Como o Administrador do Servidor Detecta um Ataque em seu Ambiente

O próprio serviço dá pistas de que algo está errado: sintomas visíveis incluem um aumento no número de conexões no estado SYN_RECV (verificado via netstat -an | grep SYN_RECV), lentidão na resposta das páginas, aumento no consumo de CPU e memória, queda na disponibilidade das portas TCP. Para confirmar, usam-se tcpdump/Wireshark (muitos SYNs sem os ACKs subsequentes) e sistemas de monitoramento (Zabbix, Prometheus, ELK), que permitem visualizar as anomalias e relacioná-las ao tempo.
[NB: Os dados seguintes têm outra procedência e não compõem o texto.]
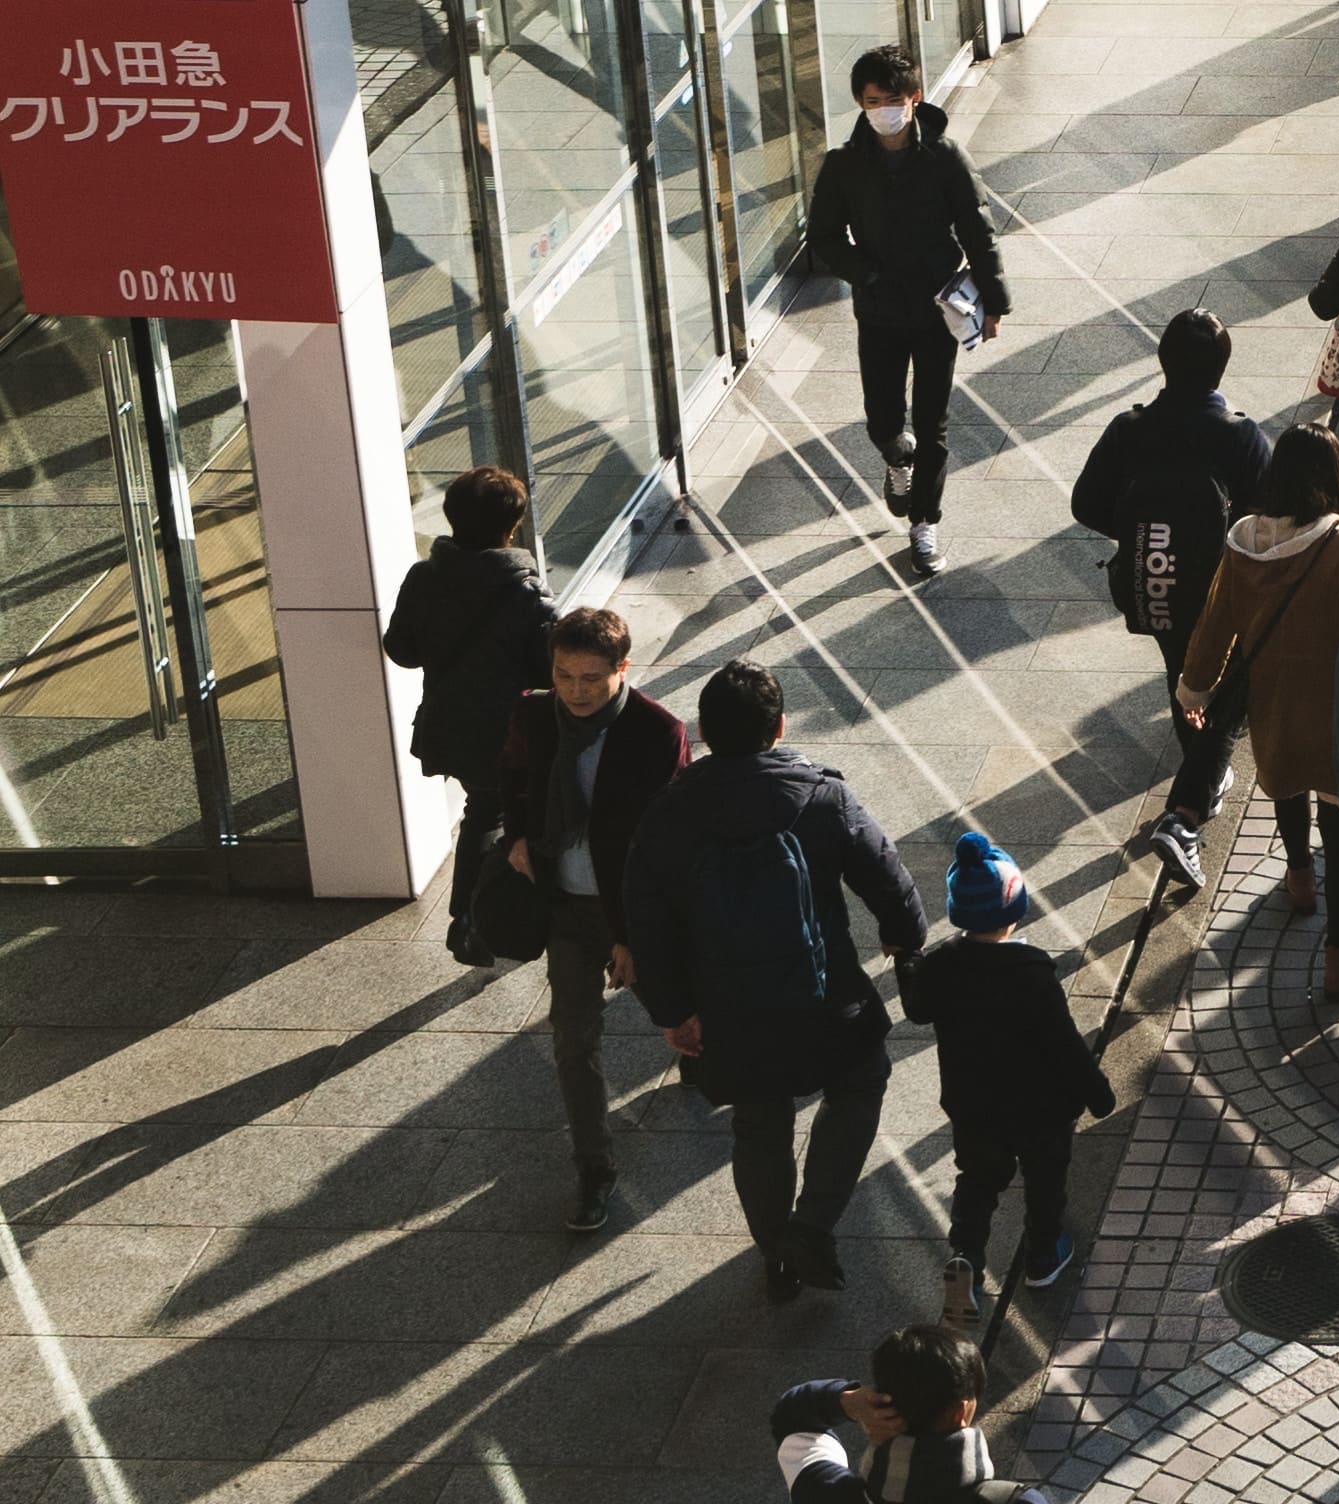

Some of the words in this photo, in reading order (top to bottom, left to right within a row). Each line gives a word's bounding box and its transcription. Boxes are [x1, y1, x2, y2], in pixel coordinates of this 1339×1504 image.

[60, 39, 228, 87] 小田急
[0, 96, 304, 147] クリアランス
[118, 265, 238, 305] ODAKYU
[1145, 522, 1177, 632] möbus
Importante: a detecção no lado do cliente geralmente fica atrás da telemetria de rede – portanto, o monitoramento do operador geralmente vê o pico primeiro. No entanto, o diagnóstico local é necessário para tomar medidas do lado do servidor e coordenar ações com o provedor.
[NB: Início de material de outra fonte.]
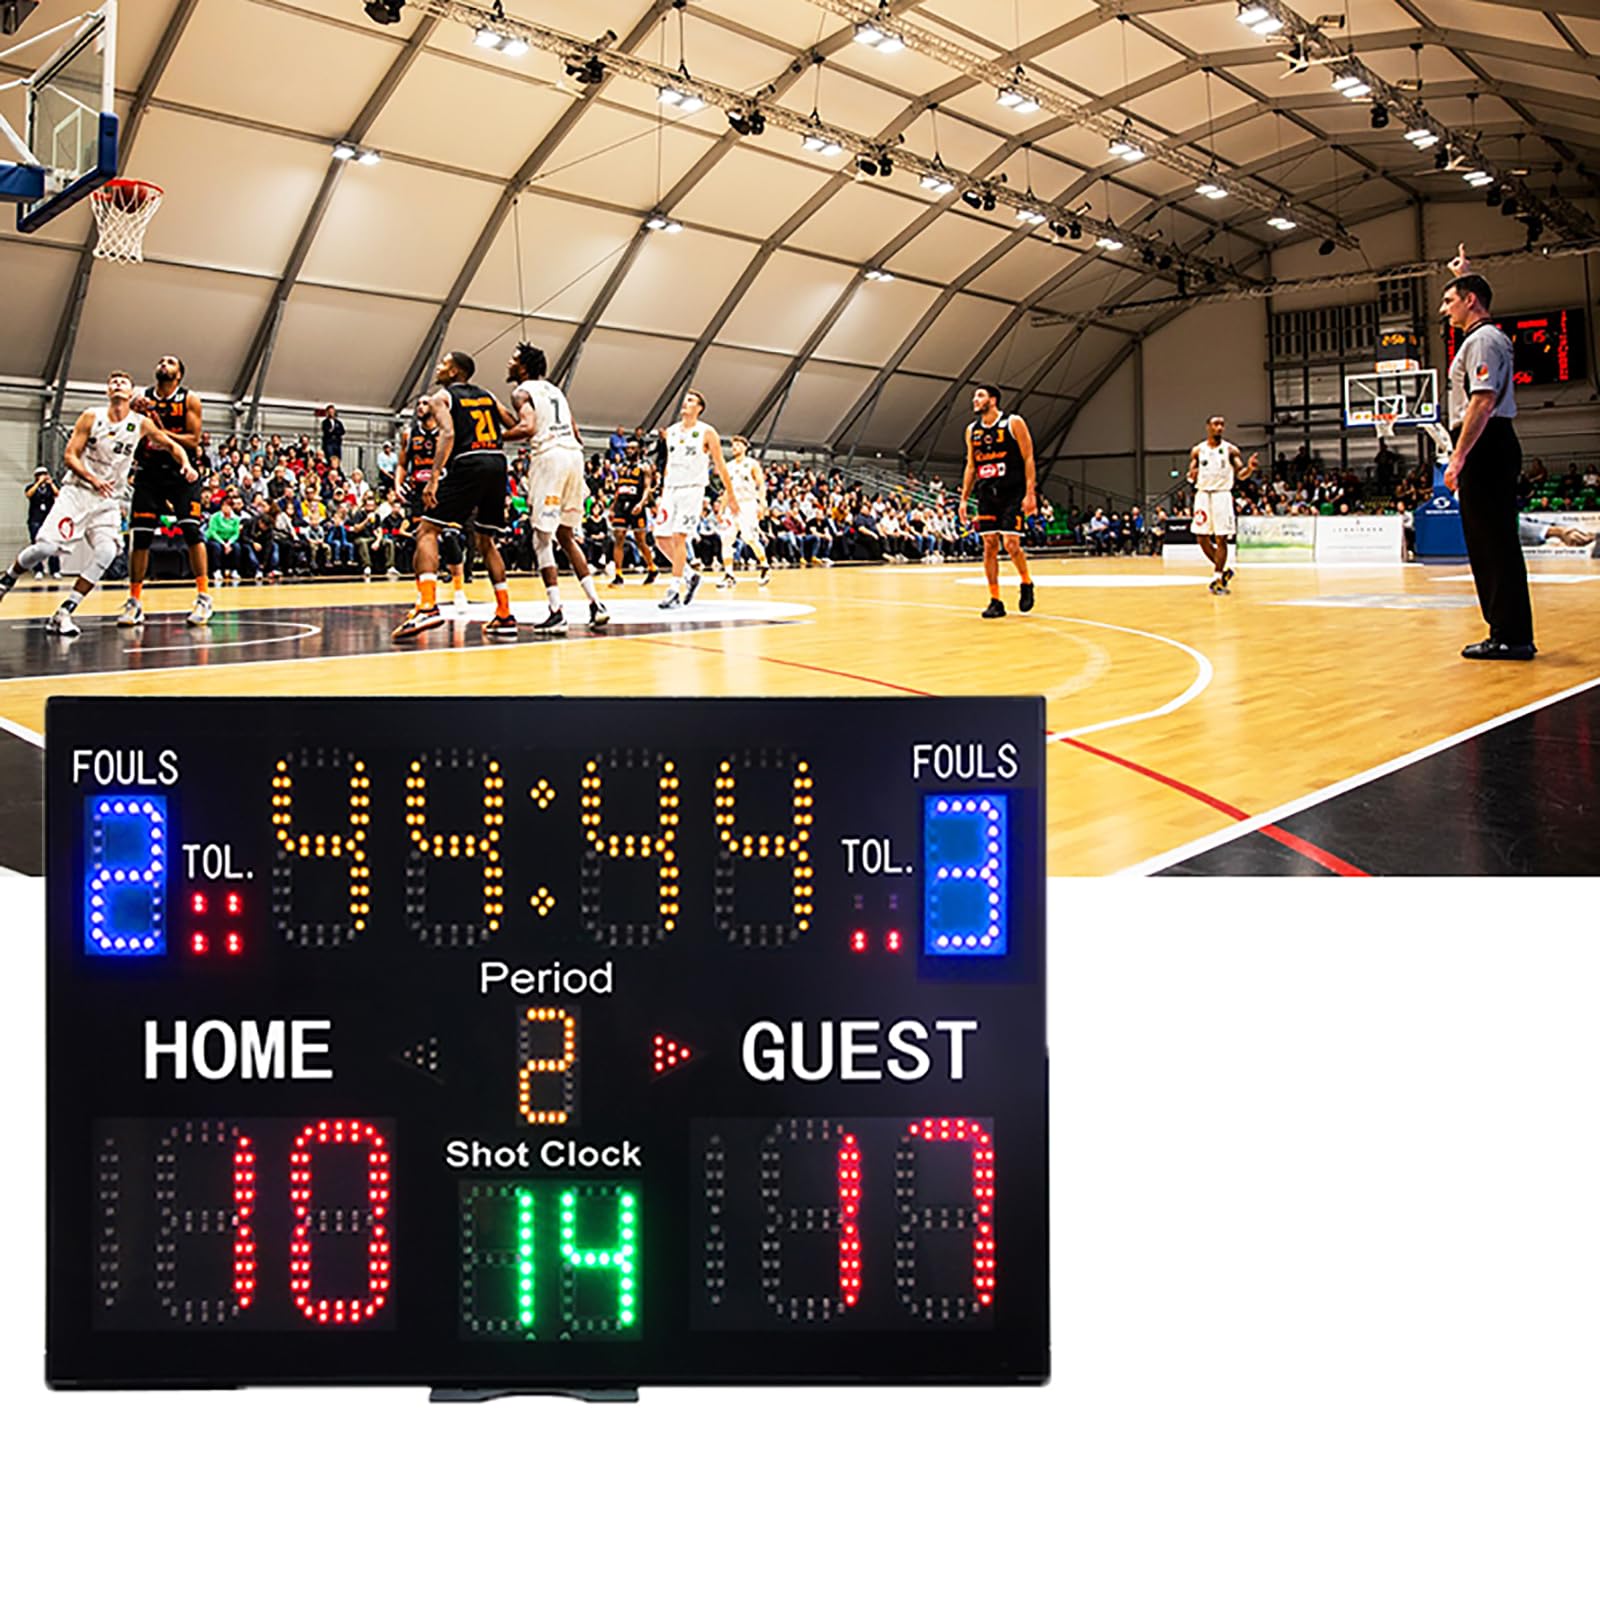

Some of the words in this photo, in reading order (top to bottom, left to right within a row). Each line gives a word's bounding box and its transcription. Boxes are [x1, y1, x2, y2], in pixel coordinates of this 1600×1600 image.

[113, 441, 134, 456] 25
[470, 409, 498, 442] 21
[74, 750, 178, 785] FOULS
[914, 744, 1017, 778] FOULS
[90, 797, 167, 953] 2
[183, 844, 253, 879] TOL.
[842, 839, 912, 873] TOL.
[930, 796, 1003, 953] 3
[482, 962, 612, 993] Period
[146, 1020, 332, 1079] HOME
[520, 1009, 574, 1122] 2
[743, 1021, 977, 1080] GUEST
[447, 1141, 529, 1167] Shot
[541, 1141, 641, 1166] Clock
[233, 1120, 390, 1323] 10
[839, 1118, 995, 1305] 17
[516, 1189, 637, 1326] 14
Métodos de Proteção no Lado do Servidor

Mesmo com a proteção do operador, uma configuração local reforçada reduz a probabilidade de falha em casos limítrofes e ajuda a filtrar corretamente o “ruído” do tráfego útil.

As principais medidas incluem:

  1. Configurações do Kernel Linux (sysctl)
    • Aumentar a fila de espera de conexões para que o servidor possa lidar com mais conexões semiabertas.
    • Reduzir o número de tentativas de retransmissão de SYN-ACK para liberar recursos mais rapidamente.
    • Ativar SYN Cookies para lidar corretamente com conexões semiabertas sem sobrecarregar a memória.
  2. Limitação de Taxa de Conexões (iptables):
    Exemplo de regra que limita o número de SYNs/segundo para a porta 80:
    iptables -A INPUT -p tcp --syn --dport 80 -m limit --limit 10/s --limit-burst 20 -j ACCEPT

    Isso ajuda a amenizar os efeitos de ataques pequenos ou picos, mas é impotente contra fluxos muito grandes que “entopem” o canal completamente.

  3. Filtros de Hardware e de Rede
    Firewalls de Hardware (Juniper, Cisco, Fortinet) podem bloquear eficazmente floods das camadas 3 e 4 (L3-L4) no nível do perímetro do datacenter. Eles possuem aceleradores de hardware para processar um grande número de sessões.
  4. CDN / Hospedagem / Serviços DDoS
    O uso de CDNs na nuvem ou provedores de proteção DDoS (Cloudflare, Selectel, VK Cloud, DDoS-Guard, etc.) permite descartar o tráfego malicioso antes mesmo que ele chegue ao cliente. Para sites, este é frequentemente o caminho mais rápido para restaurar a funcionalidade.
  5. Abordagem Combinada
    A proteção ideal é uma combinação: configurações sysctl adequadas, SYN Cookies, iptables no host + filtragem pelo host/operador e a disponibilidade de uma opção de redirecionamento para um centro de scrubbing. Esta abordagem em várias camadas oferece a melhor chance de sobreviver e restaurar serviços críticos.

Conclusão

O SYN Flood permanece um ataque simples em sua mecânica, mas flexível e perigoso em suas consequências. Se confiar apenas nas configurações do servidor, um ataque sério que “entupa” um canal de centenas de gigabits ainda levará a uma interrupção. Se confiar apenas no operador, sem a devida configuração e monitoramento do servidor, o risco de falsos positivos e perda prolongada de disponibilidade também é alto.

Vence quem constrói uma cadeia de responsabilidades: o operador garante a “limpeza” do backbone (BCP 38, monitoramento de fluxo, Flowspec, centros de scrubbing), automatiza a resposta e oferece serviços de limpeza; o administrador controla o estado do serviço, aplica mitigações locais e coopera prontamente com o operador durante um incidente.

Olhando para o futuro: O aprendizado de máquina e a integração com equipamentos Whitebox permitem tornar a detecção de padrões complexos e a resposta automática ainda mais precisas. Mas mesmo os algoritmos mais avançados só são eficazes onde o processo é automatizado e delimitado: monitoramento, detecção, publicação de regras de mitigação e retorno ao modo normal.